Rumours spread in Tianjin that the nuns were kidnapping and abusing children at the orphanage. In 1870, the Tianjin massacre occurred, wherein mobs of Chinese attacked several churches in Tianjin, including the mission site for the Daughters of Charity, which was destroyed. Ten nuns died in the attack.

The buildings were rebuilt following the destruction. However, the mission was destroyed again in 1900 during the Boxer Rebellion by the Boxers. It was rebuilt again at the same site in 1904. It was still used as an orphanage and a church by the nuns.

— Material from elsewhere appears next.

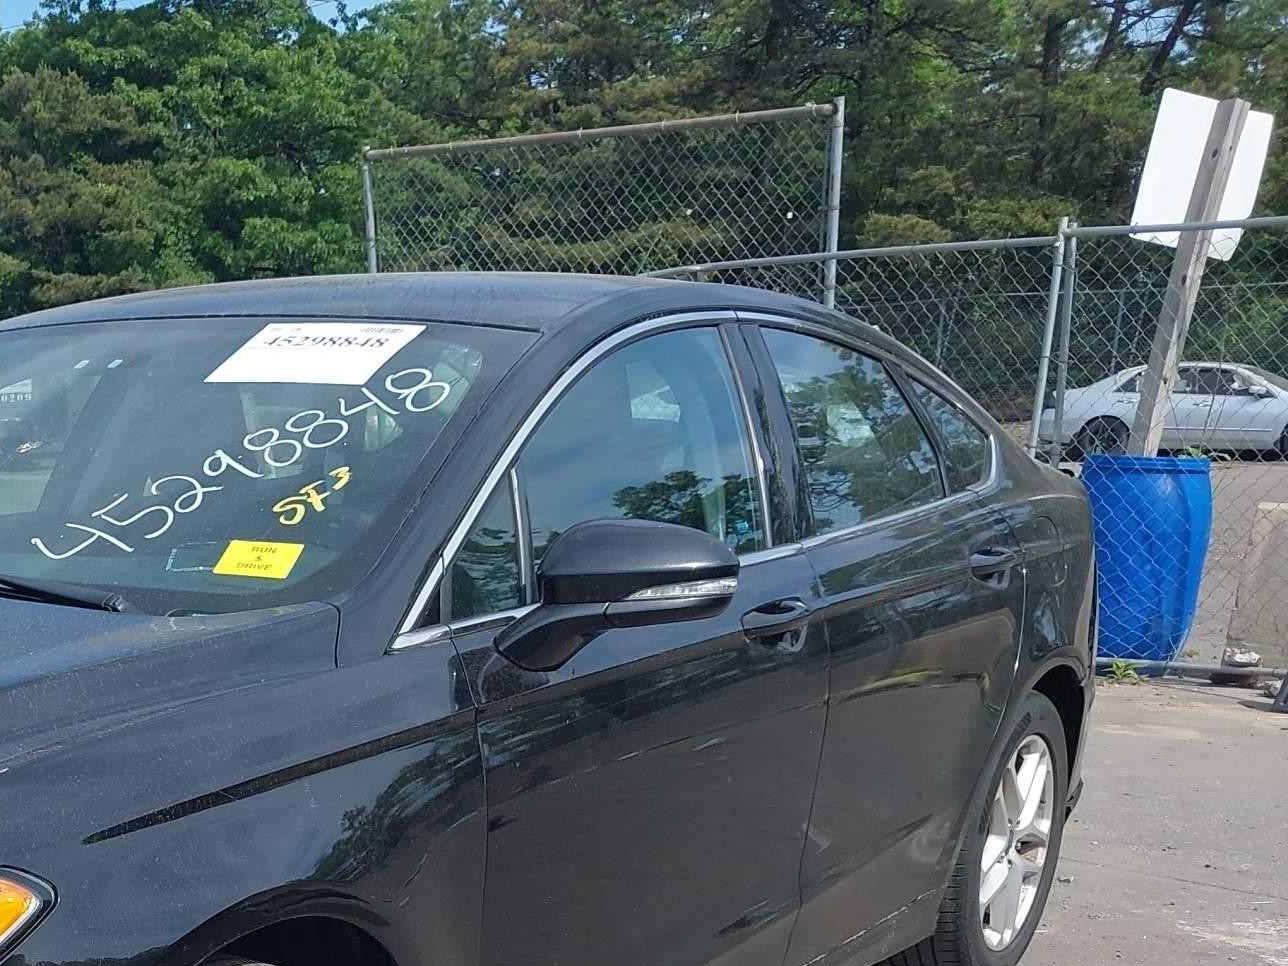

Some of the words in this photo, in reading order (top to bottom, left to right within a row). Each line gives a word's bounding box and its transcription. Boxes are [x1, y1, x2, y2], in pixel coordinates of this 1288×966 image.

At the time of the communist takeover of China in 1949, the orphanage had 471 orphans being taken care of by the nuns. In 1950, the new communist government expelled all foreign missionaries from China including the missionary nuns. The orphanage subsequently closed as a result. The site was taken over by the government and its buildings were repurposed for a government-run children's home and a handkerchief factory.

In 2009, several Daughters of Charity nuns in Tianjin went on a hunger strike in protest of plans to demolish the site entirely to facilitate new construction development. The hunger strike ended with several nuns being hospitalized. The diocese made a deal with the municipal government, and the site was demolished in 2010, but a new church was opened near the site and opened for worship in 2011. The subway company allegedly failed to pay a promised compensation to the nuns for the demolition and they staged a protest when they claimed that the religious affairs bureau failed to help them.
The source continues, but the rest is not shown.